On 07/31/2013 10:56 PM, Minchan Kim wrote:

> Yes, it's not really slow path because it could return to normal status
> without calling significant slow functions by reset batchcount of
> prepare_slowpath.
>
> I think it's tradeoff and I am biased your approach although we would
> lose a little performance because fair aging would recover the loss by
> fastpath's overhead. But who knows? Someone has a concern.
>
> So we should mention about such problems.

If the atomic operation in the fast path turns out to be a problem,
I suspect we may be able to fix it by using per-cpu counters, and
consolidating those every once in a while.

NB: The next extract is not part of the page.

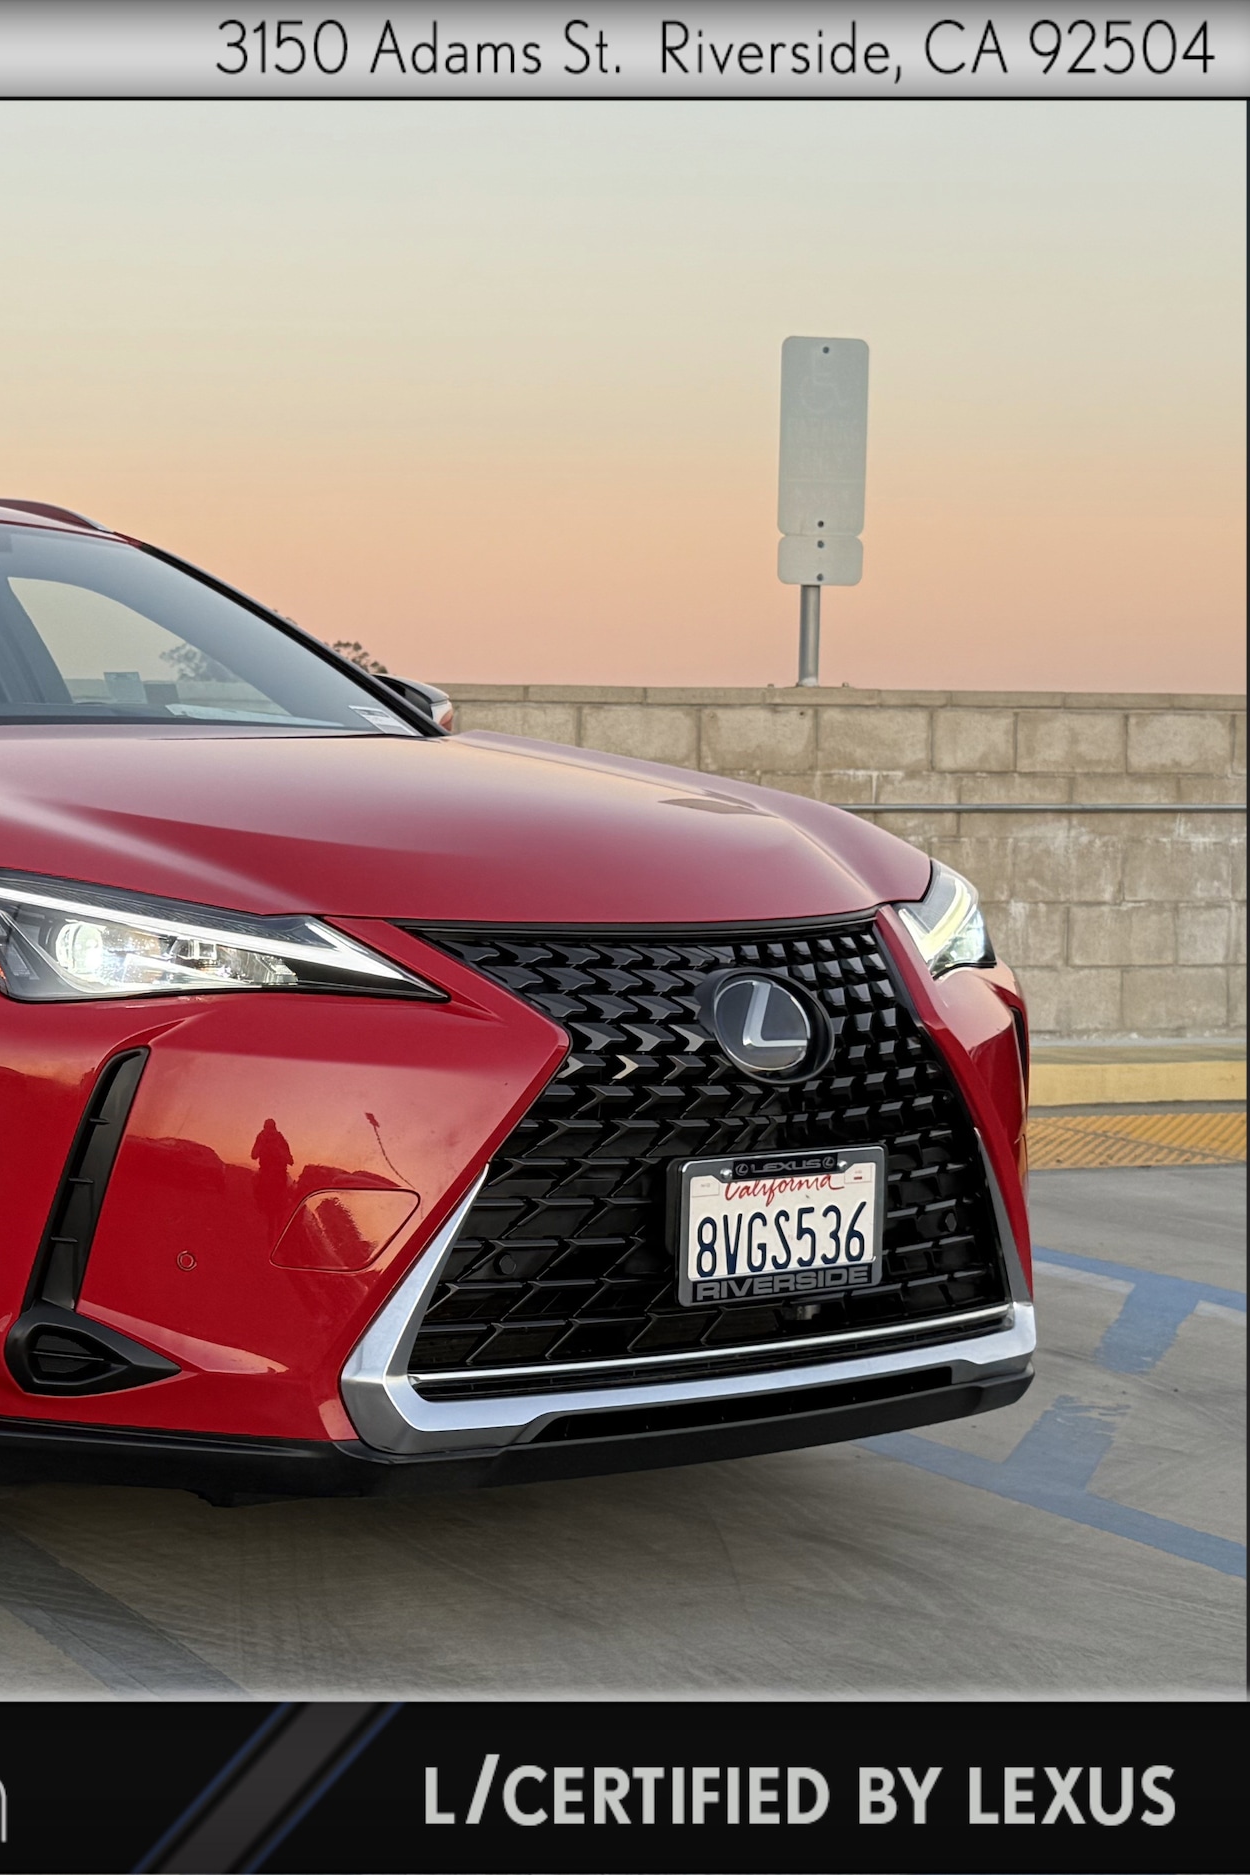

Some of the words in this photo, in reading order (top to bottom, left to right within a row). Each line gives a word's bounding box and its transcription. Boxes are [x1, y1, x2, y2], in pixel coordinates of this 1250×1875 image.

[750, 1158, 822, 1174] LEXUS
[724, 1174, 845, 1208] California
[696, 1200, 868, 1278] 8VGS536
[696, 1266, 868, 1301] RIVERSIDE
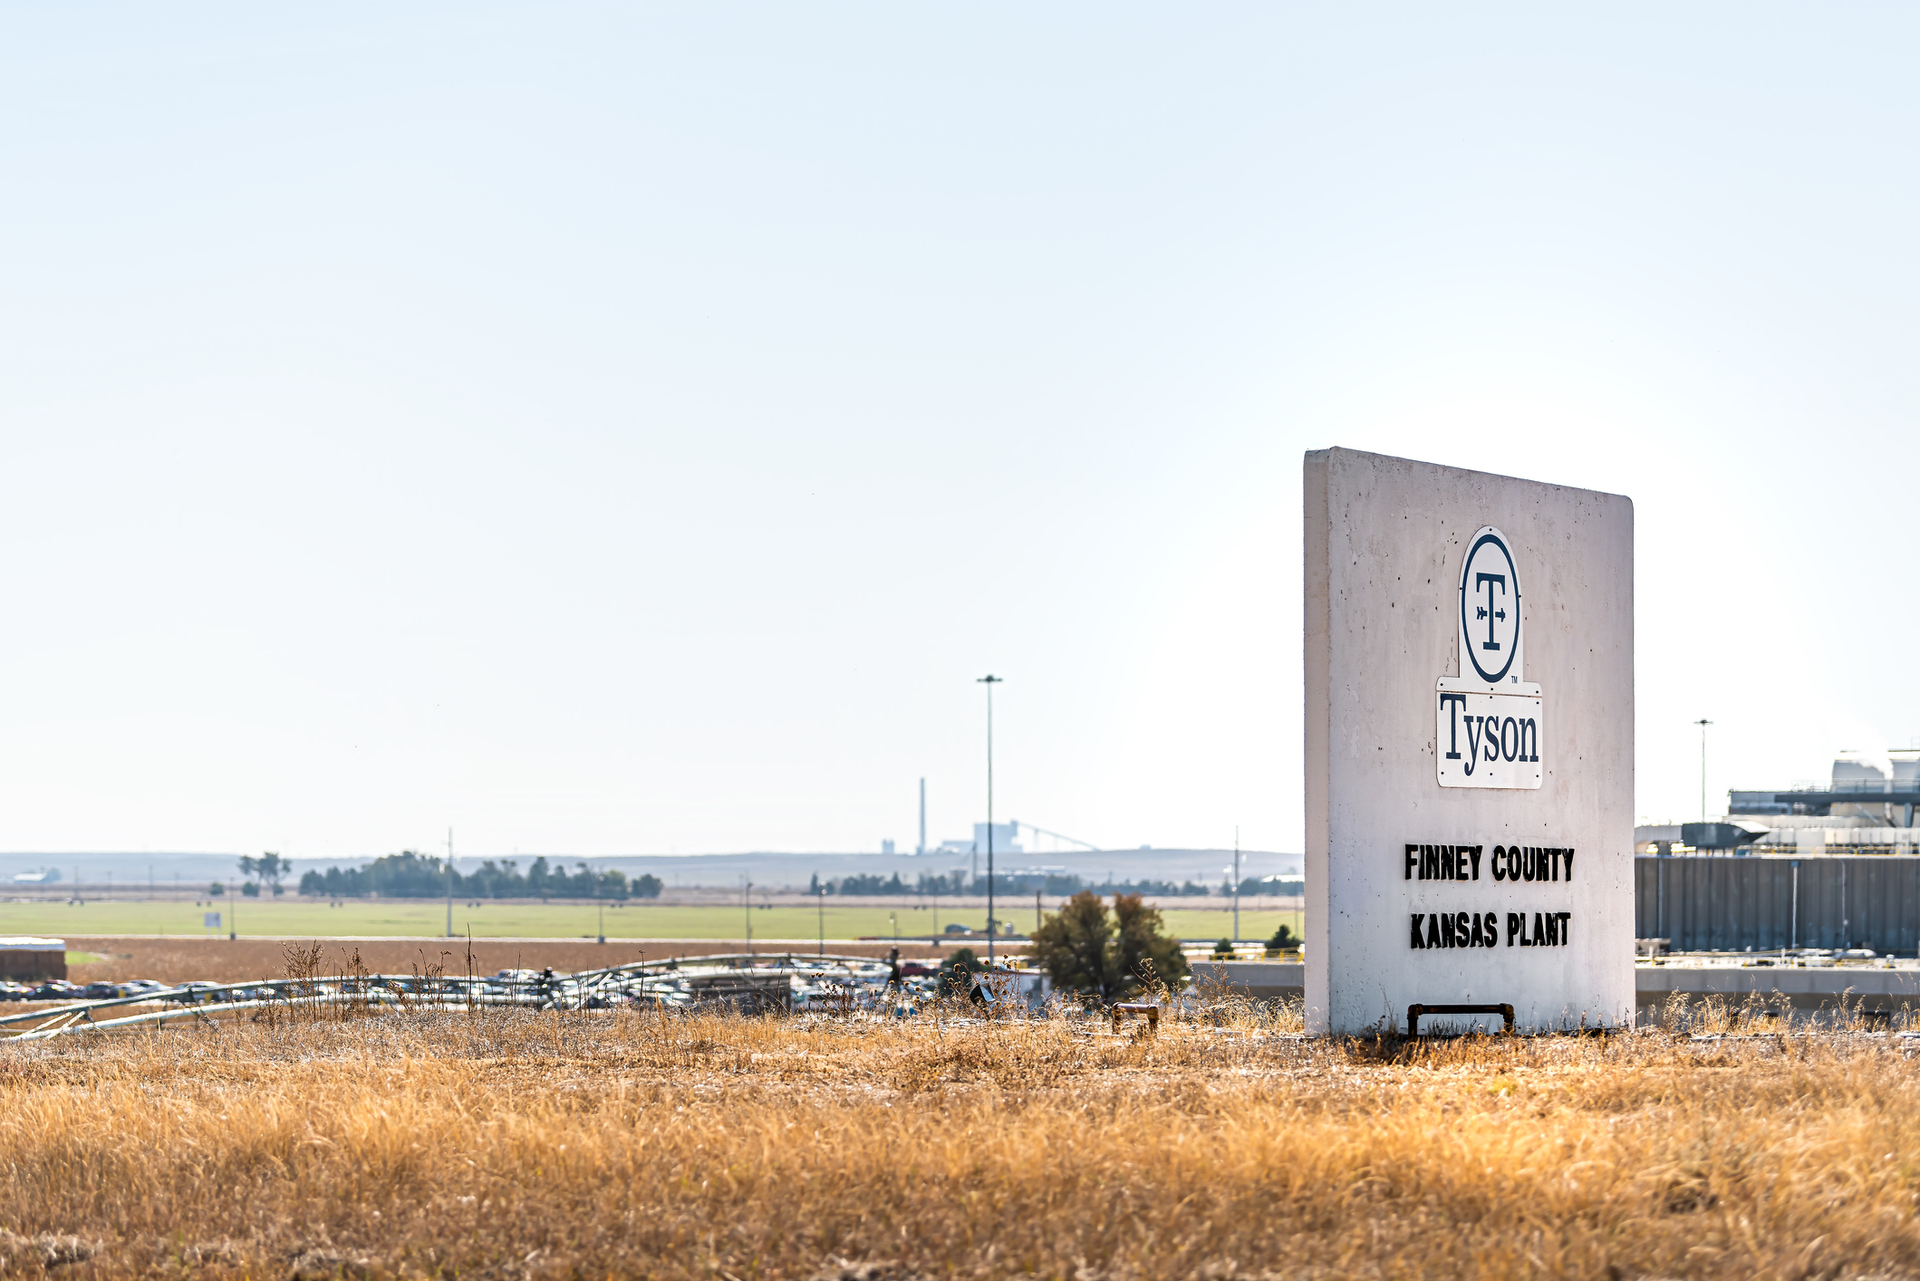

However, it may be good to see whether there is a problem in the
first place, before adding complexity.

--
All rights reversed

2013-08-01 15:51:27

by Andrea Arcangeli

[permalink] [raw]
Subject: Re: [patch 3/3] mm: page_alloc: fair zone allocator policy

On Thu, Aug 01, 2013 at 12:31:34AM -0400, Rik van Riel wrote:
> On 07/31/2013 10:56 PM, Minchan Kim wrote:
>
> > Yes, it's not really slow path because it could return to normal status
> > without calling significant slow functions by reset batchcount of
> > prepare_slowpath.
> >
> > I think it's tradeoff and I am biased your approach although we would
> > lose a little performance because fair aging would recover the loss by
> > fastpath's overhead. But who knows? Someone has a concern.
> >
> > So we should mention about such problems.
>
> If the atomic operation in the fast path turns out to be a problem,
> I suspect we may be able to fix it by using per-cpu counters, and
> consolidating those every once in a while.
>
> However, it may be good to see whether there is a problem in the
> first place, before adding complexity.

prepare_slowpath is racy anyway, so I don't see the point in wanting
to do atomic ops in the first place.

Much better to do the increment in assembly in a single insn to reduce
the window, but there's no point in using the lock prefix when
atomic_set will screw it over while somebody does atomic_dec under it
anyway. atomic_set cannot be atomic, so it'll screw over any
perfectly accurate accounted atomic_dec anyway.

I think it should be done in C without atomic_dec or by introducing an
__atomic_dec that isn't using the lock prefix and just tries to do the
dec in a single (or as few as possible) asm insn.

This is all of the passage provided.